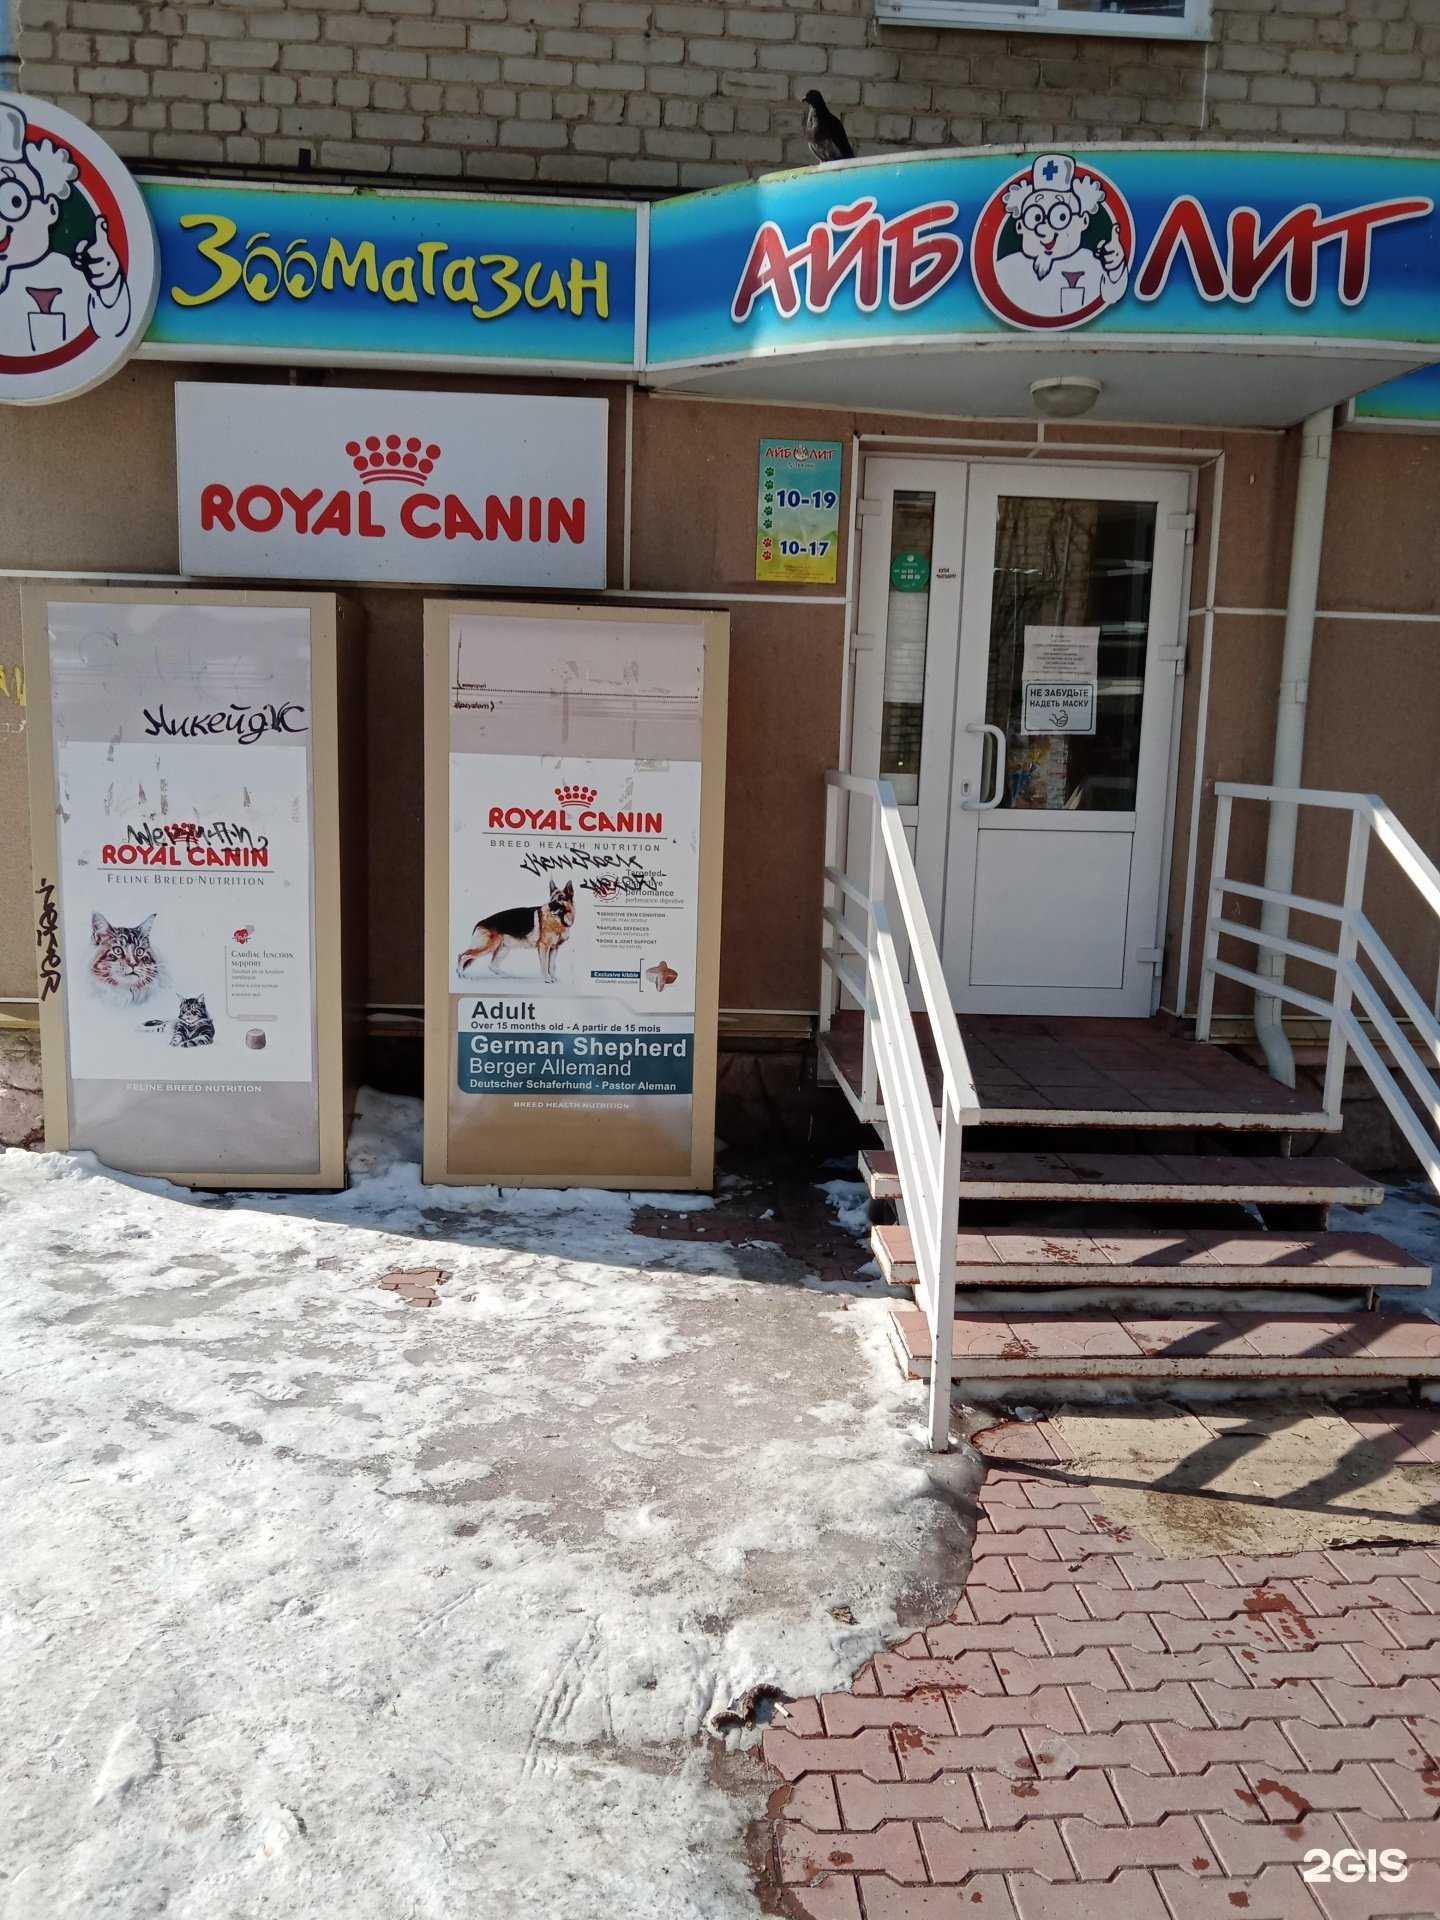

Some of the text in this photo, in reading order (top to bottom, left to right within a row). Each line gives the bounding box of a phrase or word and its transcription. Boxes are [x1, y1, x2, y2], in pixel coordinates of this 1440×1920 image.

[777, 490, 837, 509] 10-19
[199, 483, 586, 544] ROYAL CANIN
[780, 540, 829, 556] 10-17
[1030, 688, 1089, 697] НЕ ЗАБУДЬТЕ
[1029, 700, 1089, 708] НАДЕТЬ МАСКУ
[488, 807, 662, 833] ROYAL CANIN
[490, 839, 661, 852] BREED HEALTH NUTRITION
[102, 844, 269, 867] ROYAL CANIN
[107, 873, 265, 886] FELINE BREED NUTRITION
[471, 1001, 536, 1020] Adult
[470, 1021, 494, 1030] Over
[497, 1022, 508, 1030] 15
[510, 1022, 546, 1031] months
[549, 1023, 564, 1031] old
[572, 1023, 580, 1031] A
[582, 1023, 608, 1033] partir
[610, 1024, 622, 1032] de
[625, 1024, 636, 1032] 15
[638, 1024, 661, 1033] mois
[470, 1035, 687, 1060] German Shepherd
[470, 1058, 631, 1078] Berger Allemand
[126, 1082, 262, 1093] FELINE BREED NUTRITION
[470, 1079, 523, 1089] Deutscher
[526, 1080, 592, 1089] Schaferhund
[602, 1082, 635, 1090] Pastor
[637, 1082, 677, 1091] Aleman

* WHAT YOU ARE ASKED TO DO
None of the pictures belong in the copy; transcribe the rest of the data exactly.

* TASK ANSWER
Some of the text in this photo, in reading order (top to bottom, left to right within a row). Each line gives the bounding box of a phrase or word and its transcription. Boxes are [x1, y1, x2, y2], in pixel coordinates of this 1440×1920 image.

[777, 490, 837, 509] 10-19
[199, 483, 586, 544] ROYAL CANIN
[780, 540, 829, 556] 10-17
[1030, 688, 1089, 697] НЕ ЗАБУДЬТЕ
[1029, 700, 1089, 708] НАДЕТЬ МАСКУ
[488, 807, 662, 833] ROYAL CANIN
[490, 839, 661, 852] BREED HEALTH NUTRITION
[102, 844, 269, 867] ROYAL CANIN
[107, 873, 265, 886] FELINE BREED NUTRITION
[471, 1001, 536, 1020] Adult
[470, 1021, 494, 1030] Over
[497, 1022, 508, 1030] 15
[510, 1022, 546, 1031] months
[549, 1023, 564, 1031] old
[572, 1023, 580, 1031] A
[582, 1023, 608, 1033] partir
[610, 1024, 622, 1032] de
[625, 1024, 636, 1032] 15
[638, 1024, 661, 1033] mois
[470, 1035, 687, 1060] German Shepherd
[470, 1058, 631, 1078] Berger Allemand
[126, 1082, 262, 1093] FELINE BREED NUTRITION
[470, 1079, 523, 1089] Deutscher
[526, 1080, 592, 1089] Schaferhund
[602, 1082, 635, 1090] Pastor
[637, 1082, 677, 1091] Aleman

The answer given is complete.